Episode Description
Prefabrication is no longer a technology conversation. It is an owner conversation.
In this episode of Prefab, Unfiltered, recorded live at Advancing Prefabrication, Todd Weyandt sits down with Emily Mills Marineau to explore how owners evaluate prefab, modular construction, and offsite strategies through the lens of risk-adjusted return.
The biggest misconception in prefabrication is that the value is simply cost savings. In reality, owners prioritize certainty, schedule predictability, and reduced variability across the project lifecycle.
This conversation unpacks what it takes for prefabrication to move from curiosity to confidence and why the first prefab project inside any organization carries disproportionate weight.
If you care about prefabrication, modular construction, owner strategy, risk management, or construction innovation, this episode offers an executive-level perspective on what truly drives adoption.
You’ll Learn
- Why owners prioritize certainty over lowest cost in prefabrication
- How risk-adjusted return shapes modular construction decisions
- Why first prefab projects must be executed with precision
- The hidden impact of labor shortages on offsite construction
- Why documenting lessons learned is critical for scaling prefab
Meet Our Guest
Emily Mills Marineau brings a strategic owner-side perspective to prefabrication and industrialized construction. With a background that includes M&A experience at Apple and leadership roles within construction innovation, she focuses on how procurement models, contracts, and risk frameworks influence prefab adoption.
Her work centers on aligning executive leadership, project teams, and delivery partners around scalable prefabrication strategies that prioritize certainty, quality, and long-term performance.
Todd Takes Owners Do Not Want Cheaper. They Want Certainty.
The true value of prefabrication and modular construction is not lowest cost. It is reduced variability, schedule confidence, and predictable execution. When we frame prefab around savings alone, we undersell its strategic value.
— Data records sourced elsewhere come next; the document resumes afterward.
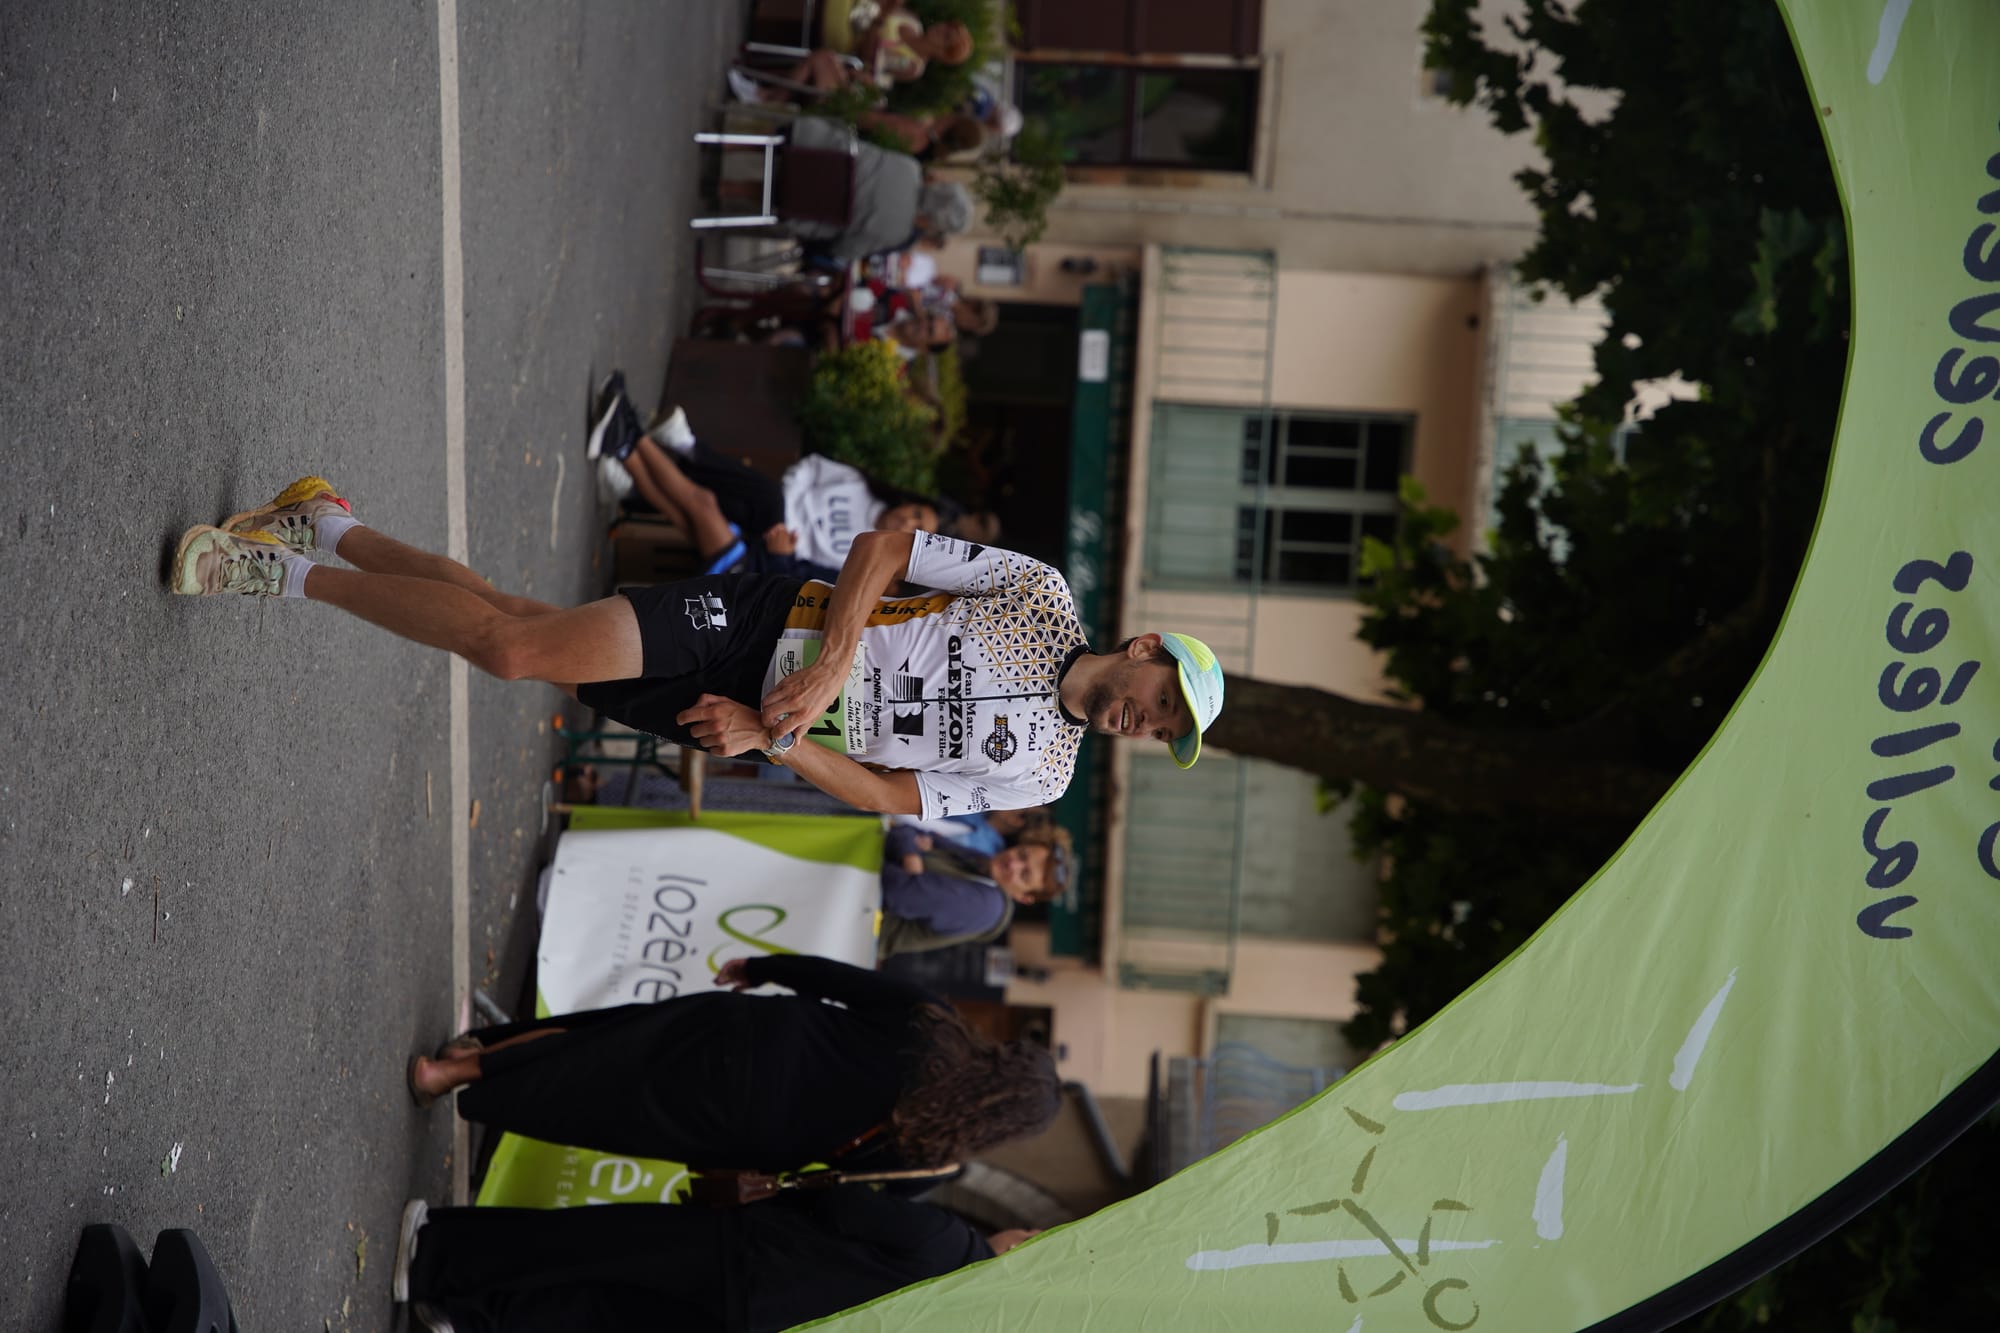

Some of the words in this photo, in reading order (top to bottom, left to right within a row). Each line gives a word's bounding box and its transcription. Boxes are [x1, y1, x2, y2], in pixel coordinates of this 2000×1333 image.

[828, 496, 851, 555] LULU
[874, 667, 882, 703] BONNET
[962, 661, 976, 696] Jean
[938, 687, 946, 711] Fils
[948, 635, 963, 760] GLEYZON
[872, 705, 882, 738] Hygiène
[938, 714, 945, 728] et
[966, 702, 976, 738] Marc
[1028, 722, 1037, 752] POLI
[633, 873, 709, 1002] lozère
The First Prefab Project Cannot Fail.Initial prefab projects shape long-term perception. If the first effort struggles, adoption stalls. Strong planning, aligned partnerships, and realistic expectations are essential for building internal confidence.
Labor and Documentation Are the Quiet Barriers.Technology is advancing quickly. Workforce shortages and inconsistent knowledge capture are not. If prefabrication is going to scale across healthcare, multifamily, and commercial construction, the industry must improve both labor strategy and institutional learning.